Vietnam: The National Assembly elected Communist Party chief To Lam today as the country’s new president, making him the first Vietnamese leader to be elected to hold both positions, consolidating control over party and state. The former police officer is expected to continue pursuing his key policy goals, including a crackdown on corruption and reforms to the public and private sectors to further boost Vietnam’s manufacturing sector. In turn, that could further Vietnam’s goal of becoming an alternative production center to China.

US Politics: While it now appears that the key issues in November’s mid-term Congressional elections will be the war in Iran, consumer prices, and artificial intelligence, reports today say a controversial new book on the Trump administration will be out on June 23 and may also reveal secrets that could help swing the election. The book, Regime Change, by Maggie Haberman and Jonathan Swan of the New York Times, could potentially reveal politically charged information just as voters are starting to focus more on the upcoming balloting.

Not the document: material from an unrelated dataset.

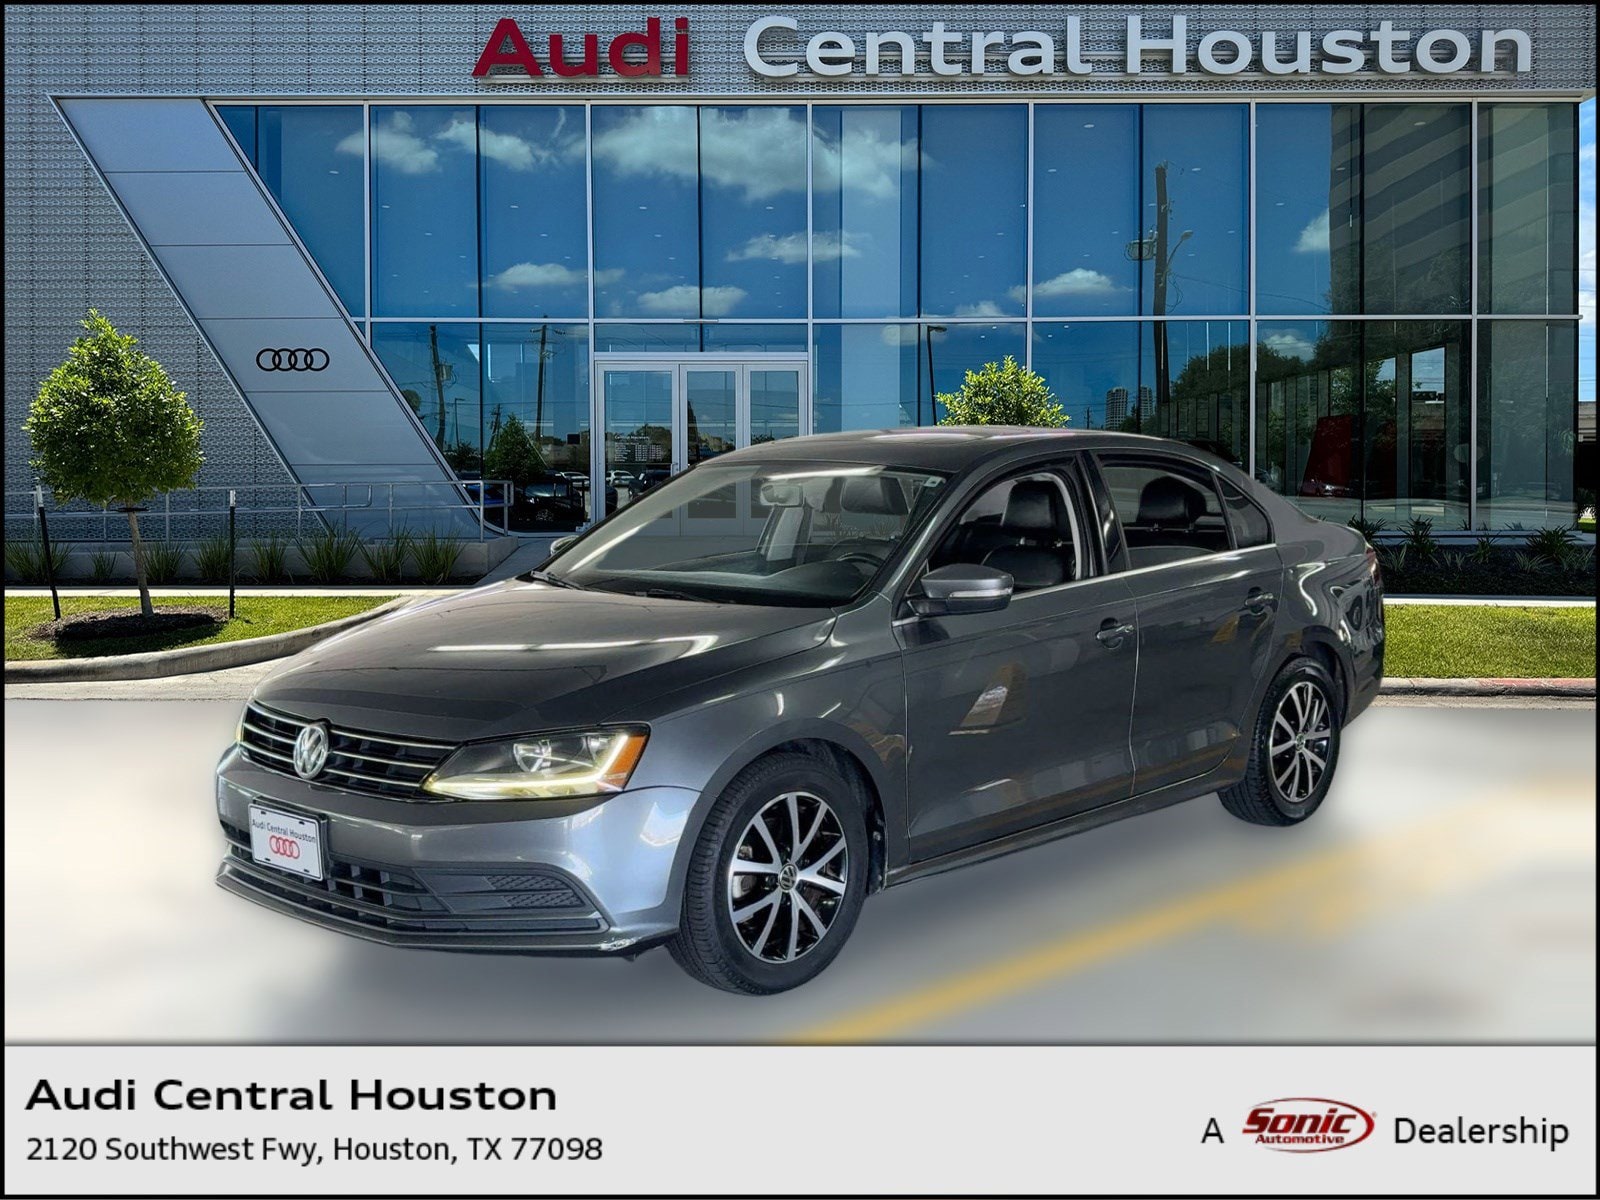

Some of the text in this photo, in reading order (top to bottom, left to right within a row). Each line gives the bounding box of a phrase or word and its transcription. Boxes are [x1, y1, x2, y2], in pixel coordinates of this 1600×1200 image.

US Fiscal Policy: In a development from late last week, President Trump’s proposed federal budget for the fiscal year starting in October would hike the US defense budget by a massive 44%, or $441 billion, to a total of about $1.5 trillion. Key program hikes would include the president’s “Golden Dome” missile defense system and doubling the number of navy ships to be ordered. Congress is unlikely to pass the budget as proposed, but the draft plan suggests a massive hike in defense spending that could benefit key defense stocks.

US Artificial Intelligence Industry: Yesterday, AI lab Anthropic said it has entered a deal in which it will buy billions of dollars of computer chips and cloud services from Google. Some of the associated chips will come from semiconductor giant Broadcom as well. The announcement shows that big AI deals are still happening, despite growing investor pushback over the huge costs and circular deals that may not make economic sense. In turn, that could potentially be a harbinger of a rebound in AI stock values.

  • Separately, Samsung Electronics last night projected that its operating profit would increase eightfold in its first quarter, largely reflecting surging AI-related demand for its memory chips.
  • The guidance was much better than analysts had anticipated, boosting Samsung’s share price by about 5% in South Korean trading.

US Healthcare Industry: The government yesterday said its Medicare Advantage payment rates will rise 2.48% in 2027, far better than its January proposal to keep the payments unchanged. The increase is expected to boost payments to health insurers by about $13 billion next year. The news therefore gave a boost to health insurers’ stock prices yesterday, with additional follow-through possible in the coming sessions.